Driving on the highway during a heavy downpour is one of the most stressful things you can do as a driver. Your windshield wipers are flying back and forth like crazy, the rain doesn’t even look like rain but just violent sheets of grey nothingness slapping against your windshield like a biblical curse, and to top it all off you are on the highway, and as per usual there are just enough psychos out on the road who will go ten over the speed limit no matter what the road conditions are.
Let’s up the stakes a bit: You’ve got someone in the car who desperately needs to go to the hospital. It’s not bad, this particular person is on the verge of being late to work and needs to get there in order to not get fired—this is the third instance of tardiness this year, and strike three could mean no more nursing job. Despite the weather you try to maintain a safe speed-limit beeline down the middle lane until you reach the appropriate exit. Upping the stakes a bit more, the drivers on the road are all unpredictable 10-mph-over+ daredevils who are swerving left and right at unpredictable intervals.

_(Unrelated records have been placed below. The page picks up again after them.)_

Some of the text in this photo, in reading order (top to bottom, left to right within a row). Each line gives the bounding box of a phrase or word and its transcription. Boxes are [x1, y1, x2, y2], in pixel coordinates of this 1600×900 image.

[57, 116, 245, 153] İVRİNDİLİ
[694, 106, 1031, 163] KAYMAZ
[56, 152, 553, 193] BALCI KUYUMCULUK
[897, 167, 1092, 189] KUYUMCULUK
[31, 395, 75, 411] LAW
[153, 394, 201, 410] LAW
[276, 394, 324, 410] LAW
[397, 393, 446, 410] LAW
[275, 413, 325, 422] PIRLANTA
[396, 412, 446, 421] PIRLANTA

It’s quite obvious that your goal has been made much more difficult than usual because of both the weather conditions and the quality of the drivers on the road. You pray to every deity and storied wish-maker secular and otherwise for a little sunshine in the sky and sanity on the road, but unfortunately Providence has decreed your hospital-trip be littered with difficulties.
In moments like this, we realize that sometimes it is not the goal itself but rather the environment in which the agent is in that makes its accomplishing difficult. This principle is mightily important to the development and deployment of AI agents.
AI Agents and Their Environment
The issues in the example that opened this article are the same that trouble AI agents: Limited perception, unpredictable environments, and the like. Not every environment is the same, which is important for an AI agent. Developers need to consider the issues agents will rub up against while trying to accomplish their task.
The vocabulary to characterize environments in the AI world is worth learning, because it can help you understand why it is necessary that agents need to be capable of machine learning. Not all environments can be fully known before entering.
Keep on reading for a breakdown of the types of environments an AI agent may find itself in.
Environments that can be completely perceived at all times are called “fully observable” environments.
On the other hand, when an agent cannot get a full picture of everything, the environment is characterized as “partially observable.” The highway example fits this description, as there are blind spots drivers have to deal with.
Deterministic vs. Stochastic
In philosophy, “determinism” refers to the idea that world events are predetermined, meaning that free will either doesn’t exist or is limited to some extent. “Indeterminism” is its opposite, which holds that the agents of the world are more or less free and their actions self-caused, a position that the common human probably assumes.
In the AI world, “determinism” is related to this idea, in that the word describes an AI agent’s ability to have an impact on the world. Determined environments are ones where the agent can be the sole cause of the environment’s next state.
“Stochastic” environments are the counterpoint here, referring to environments that are unpredictable, and have elements that can impact its state outside of the influence of the agent. The highway is one such place, where a driver swerving in front of the agent represents a chancy occurrence that the agent had nothing to do with.
Static vs. Dynamic
Static environments are ones that don’t change on its own. The agent enters it, and doesn’t need to worry about something changing, like the weather.
Dynamic environments are ones that agents need to “keep an eye on,” in that they can be subject to change at any moment, like a highway where cars can enter or leave it along the exits.
Note that the difference between dynamic/static and stochastic/deterministic is that the latter is directly concerned with the impact that the agent can have in changing the environment, while the former is focused on how the environment itself changes, or doesn’t, over time.
AI agents don’t achieve their goals in a vacuum. Rather, they work towards them in an environment. The nature of the environment varies, from predictable to unpredictable, fully observable or not, factors that have a big impact on how an agent achieves its goal.